### INSTRUCTIONS FOR THE TASK
Leaving out all images, return the entries below exactly.

### DATA LISTING
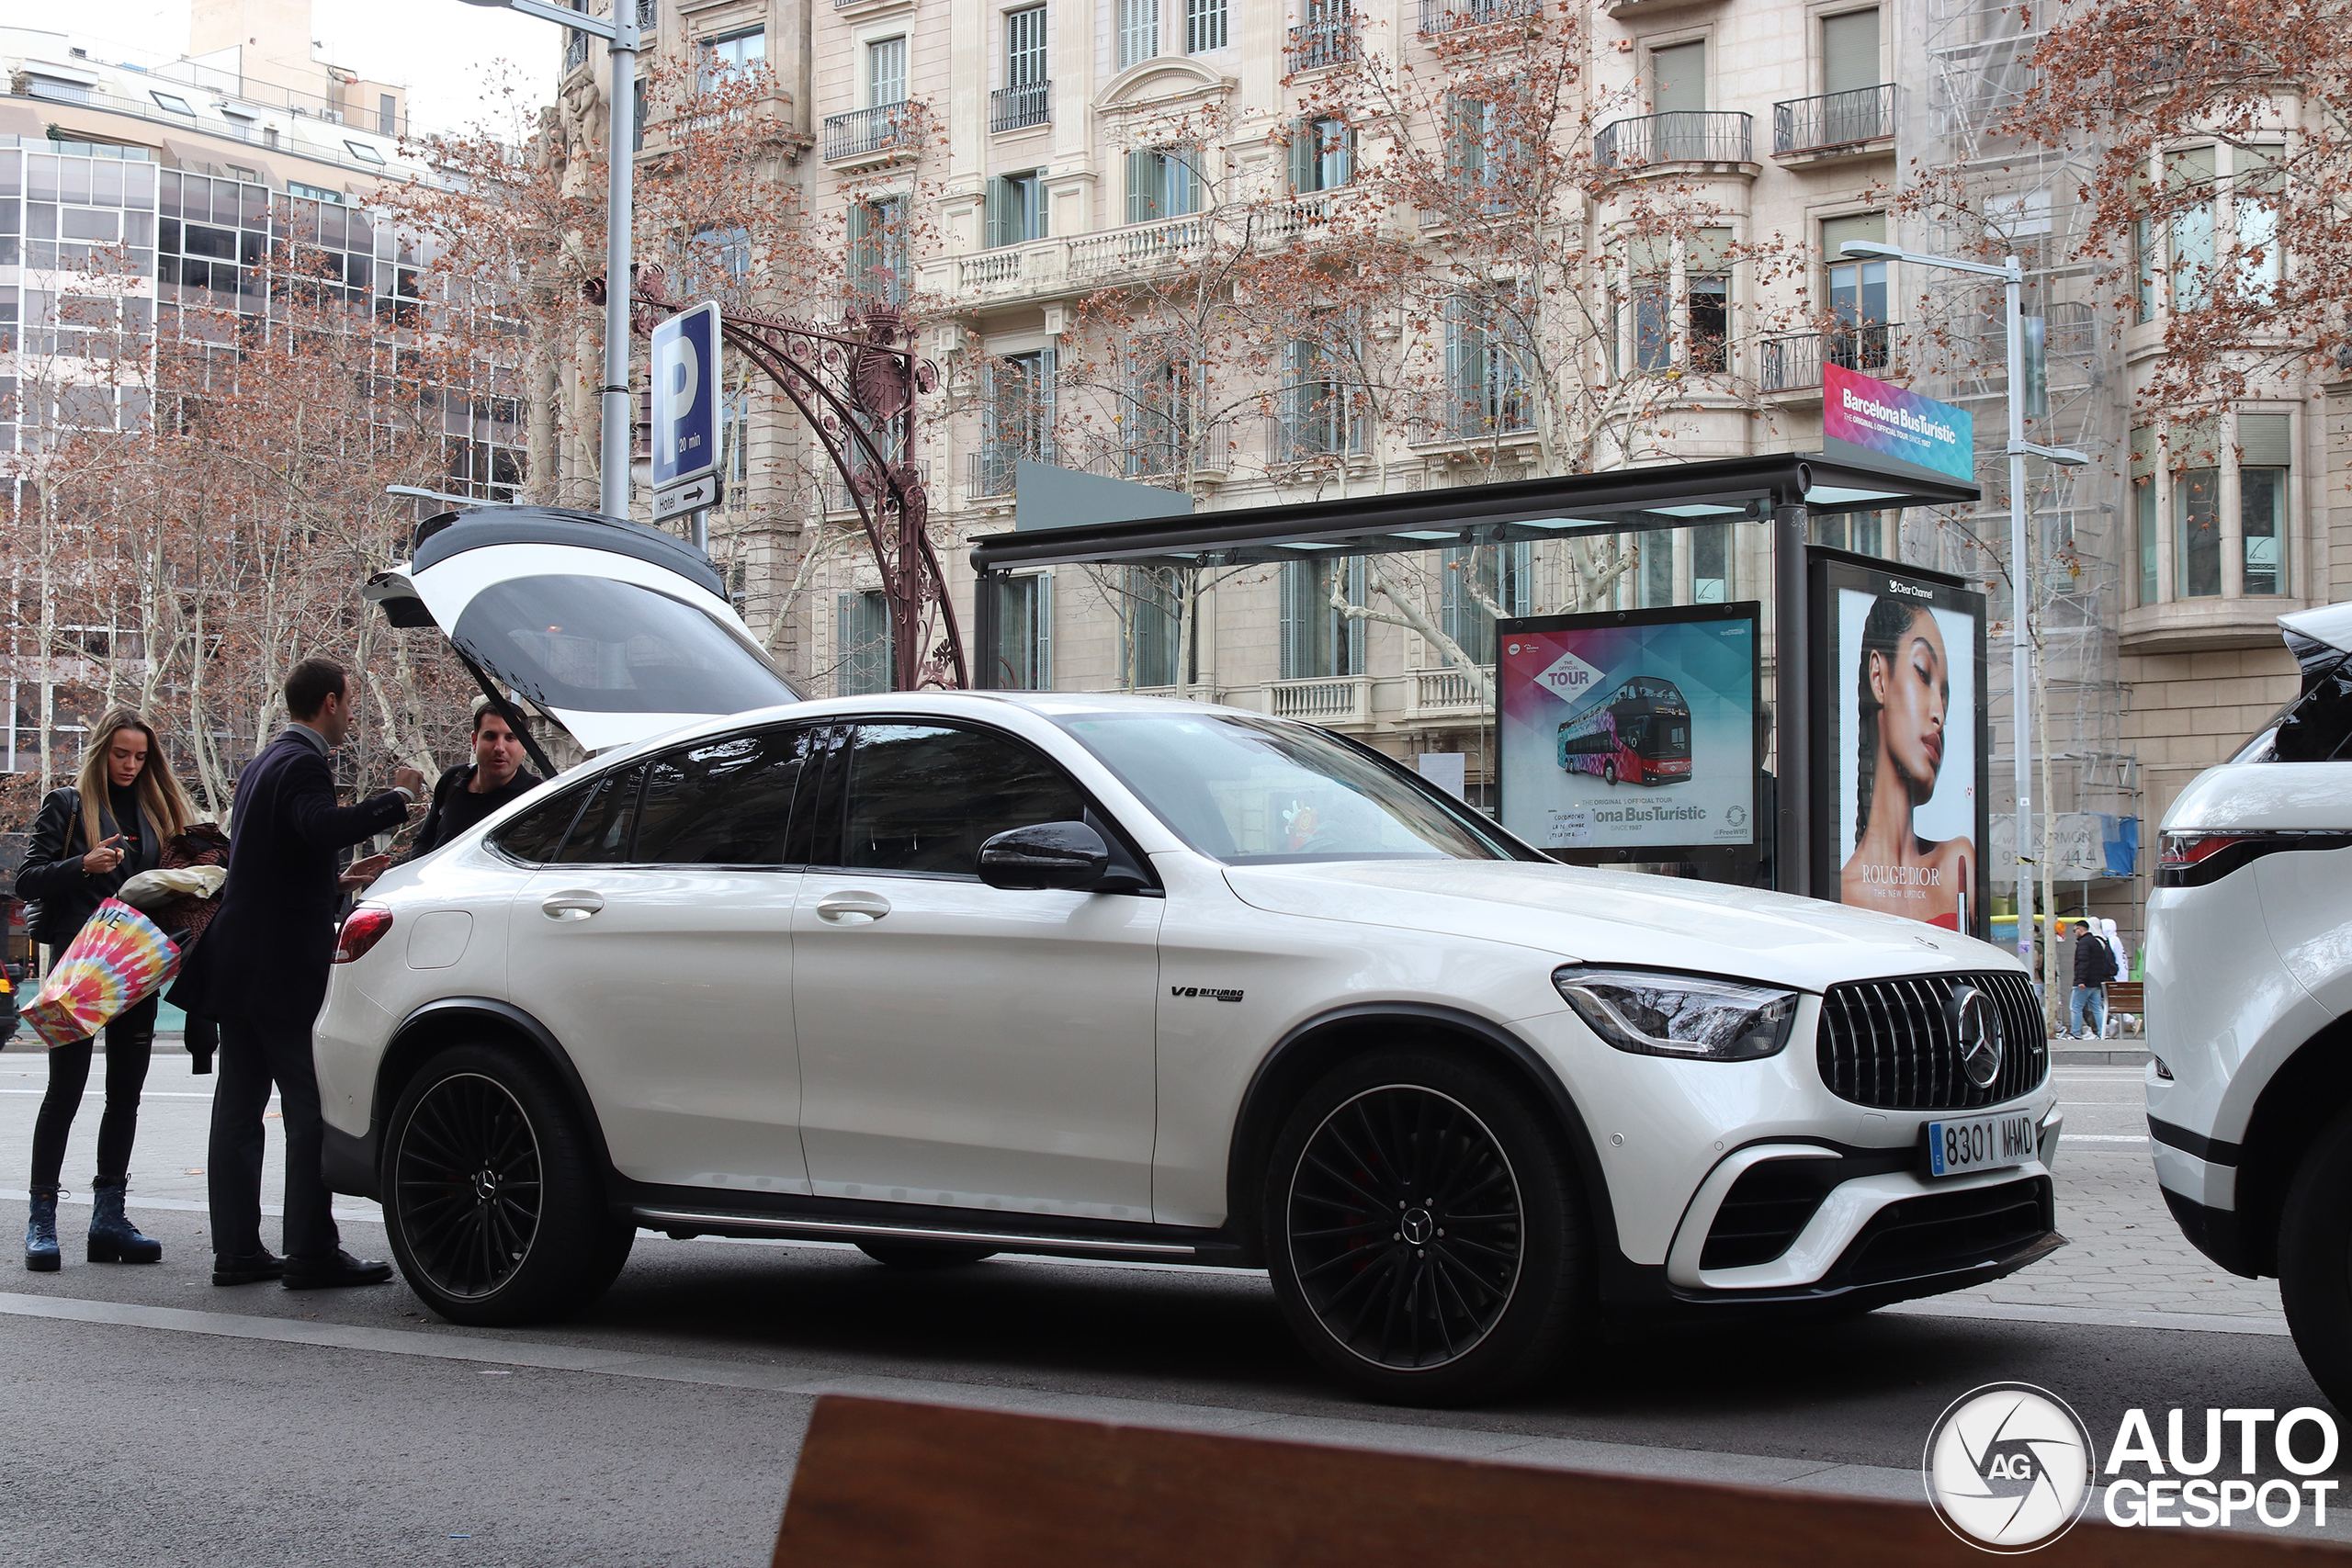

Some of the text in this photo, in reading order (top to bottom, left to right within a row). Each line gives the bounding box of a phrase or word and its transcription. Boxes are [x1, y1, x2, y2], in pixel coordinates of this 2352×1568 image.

[662, 336, 698, 465] P
[1843, 388, 1956, 445] Barcelona BusTurístic
[1844, 412, 1852, 423] THE
[1852, 415, 1873, 430] ORIGINAL
[1877, 423, 1896, 437] OFFICIAL
[1896, 430, 1909, 441] TOUR
[1908, 434, 1922, 446] SINCE
[1921, 439, 1932, 448] 1987
[679, 432, 701, 453] 20 min
[659, 493, 675, 512] Hotel
[1897, 583, 1933, 599] Clear Channel
[1548, 671, 1589, 686] TOUR
[1625, 807, 1707, 822] BusTurístic
[1862, 864, 1940, 886] ROUGE DIOR
[1874, 888, 1927, 899] THE NEW LIPSTICK
[1171, 986, 1244, 997] V8 BITURBO
[1945, 1117, 2033, 1167] 8301 MMD
[1935, 1155, 1941, 1166] E
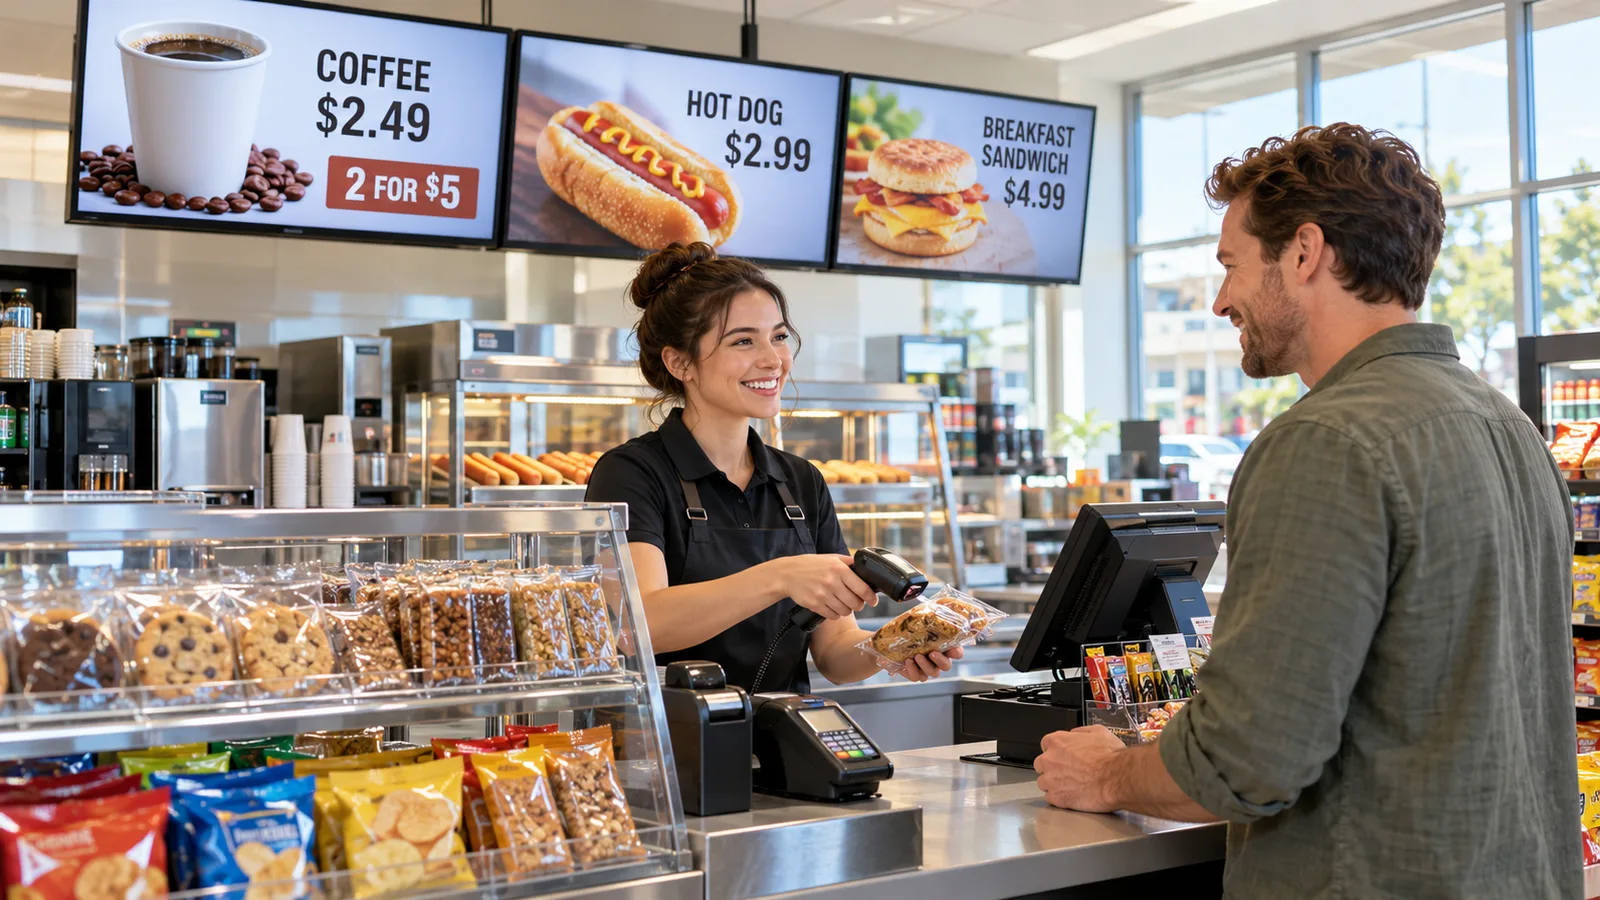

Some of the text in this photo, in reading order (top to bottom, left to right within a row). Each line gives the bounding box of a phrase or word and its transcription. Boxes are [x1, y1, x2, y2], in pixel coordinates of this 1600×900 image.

[316, 48, 432, 93] COFFEE
[316, 91, 430, 143] $2.49
[687, 89, 783, 126] HOT DOG
[724, 129, 811, 173] $2.99
[983, 116, 1076, 149] BREAKFAST
[981, 143, 1069, 175] SANDWICH
[345, 166, 460, 209] 2 FOR $5
[1003, 176, 1066, 211] $4.99
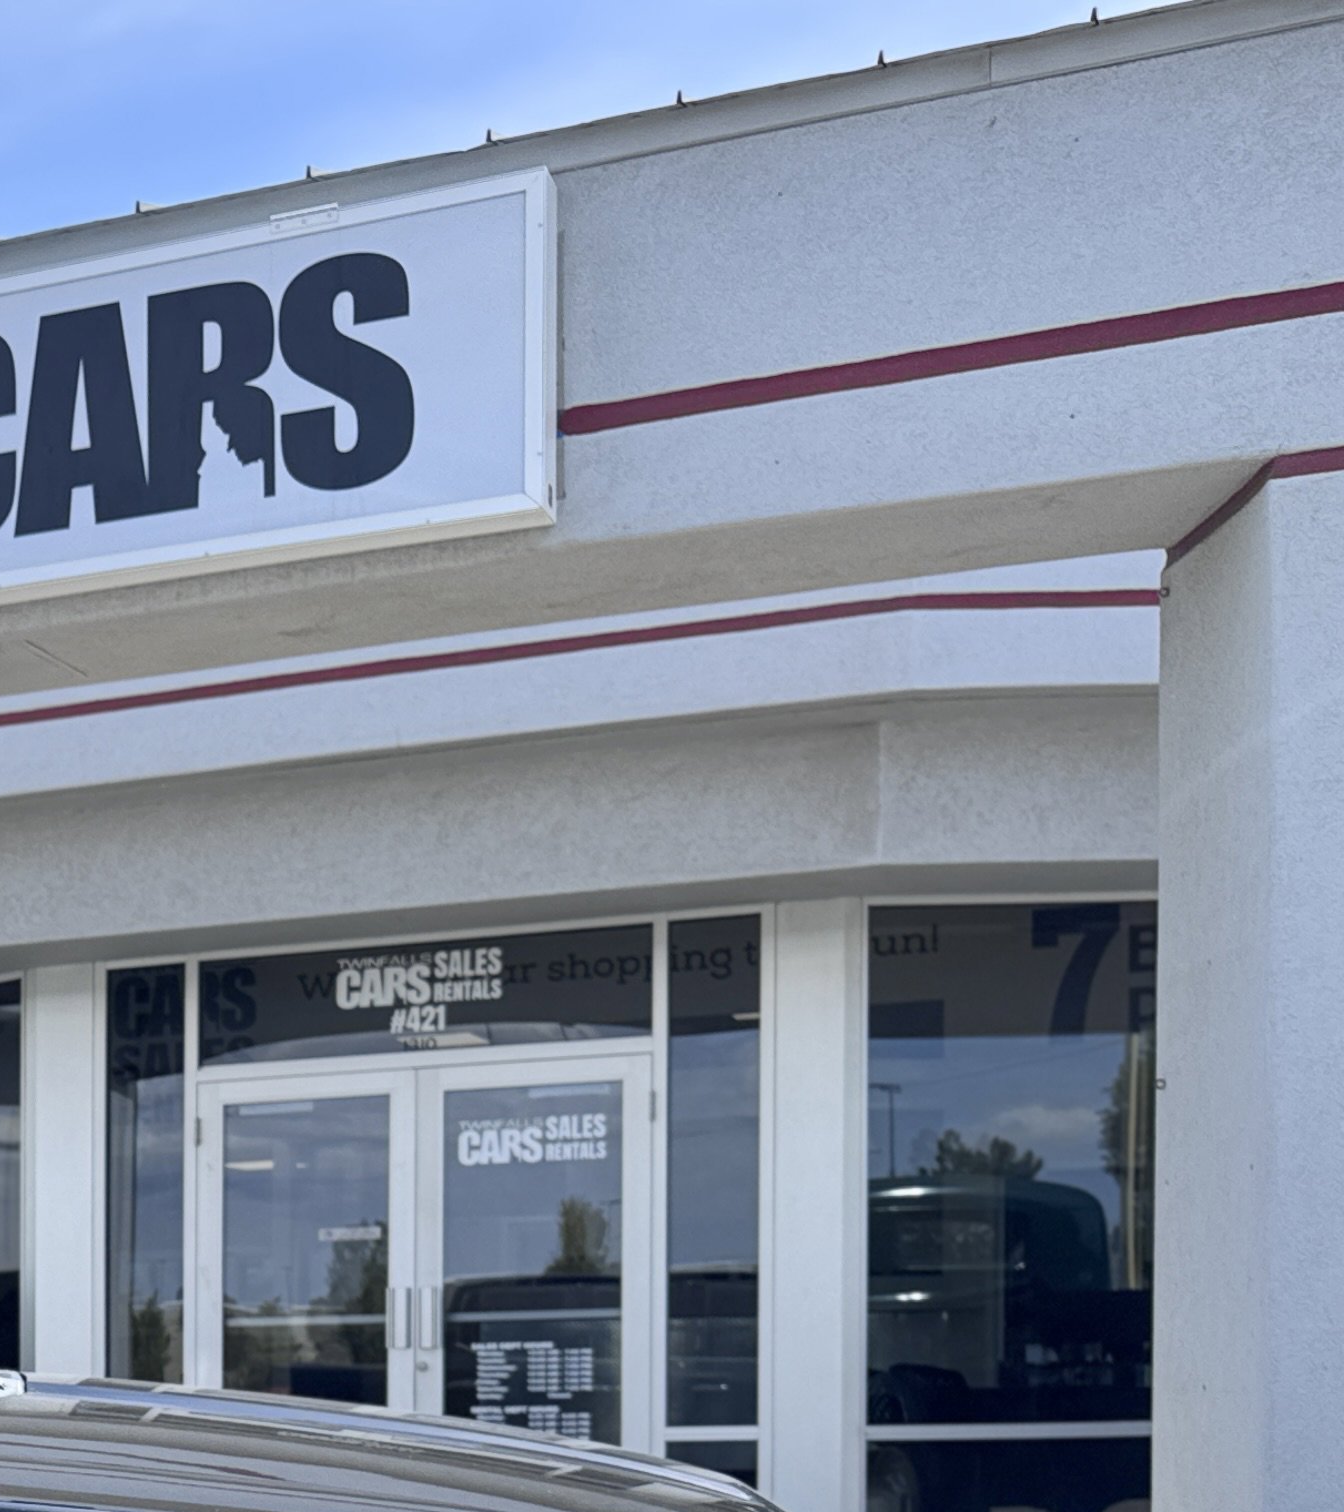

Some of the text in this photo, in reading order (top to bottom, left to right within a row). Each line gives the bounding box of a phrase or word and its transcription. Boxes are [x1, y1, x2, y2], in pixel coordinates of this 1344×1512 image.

### SOLUTION
Some of the text in this photo, in reading order (top to bottom, left to right within a row). Each line gives the bounding box of a phrase or word and its transcription. Boxes are [x1, y1, x2, y2], in pixel coordinates of this 2352×1568 image.

[662, 336, 698, 465] P
[1843, 388, 1956, 445] Barcelona BusTurístic
[1844, 412, 1852, 423] THE
[1852, 415, 1873, 430] ORIGINAL
[1877, 423, 1896, 437] OFFICIAL
[1896, 430, 1909, 441] TOUR
[1908, 434, 1922, 446] SINCE
[1921, 439, 1932, 448] 1987
[679, 432, 701, 453] 20 min
[659, 493, 675, 512] Hotel
[1897, 583, 1933, 599] Clear Channel
[1548, 671, 1589, 686] TOUR
[1625, 807, 1707, 822] BusTurístic
[1862, 864, 1940, 886] ROUGE DIOR
[1874, 888, 1927, 899] THE NEW LIPSTICK
[1171, 986, 1244, 997] V8 BITURBO
[1945, 1117, 2033, 1167] 8301 MMD
[1935, 1155, 1941, 1166] E

Some of the text in this photo, in reading order (top to bottom, left to right within a row). Each line gives the bounding box of a phrase or word and its transcription. Boxes are [x1, y1, x2, y2], in pixel coordinates of this 1600×900 image.

[316, 48, 432, 93] COFFEE
[316, 91, 430, 143] $2.49
[687, 89, 783, 126] HOT DOG
[724, 129, 811, 173] $2.99
[983, 116, 1076, 149] BREAKFAST
[981, 143, 1069, 175] SANDWICH
[345, 166, 460, 209] 2 FOR $5
[1003, 176, 1066, 211] $4.99

Some of the text in this photo, in reading order (top to bottom, left to right within a row). Each line gives the bounding box of a phrase or word and its transcription. Boxes are [x1, y1, x2, y2], in pixel coordinates of this 1344×1512 image.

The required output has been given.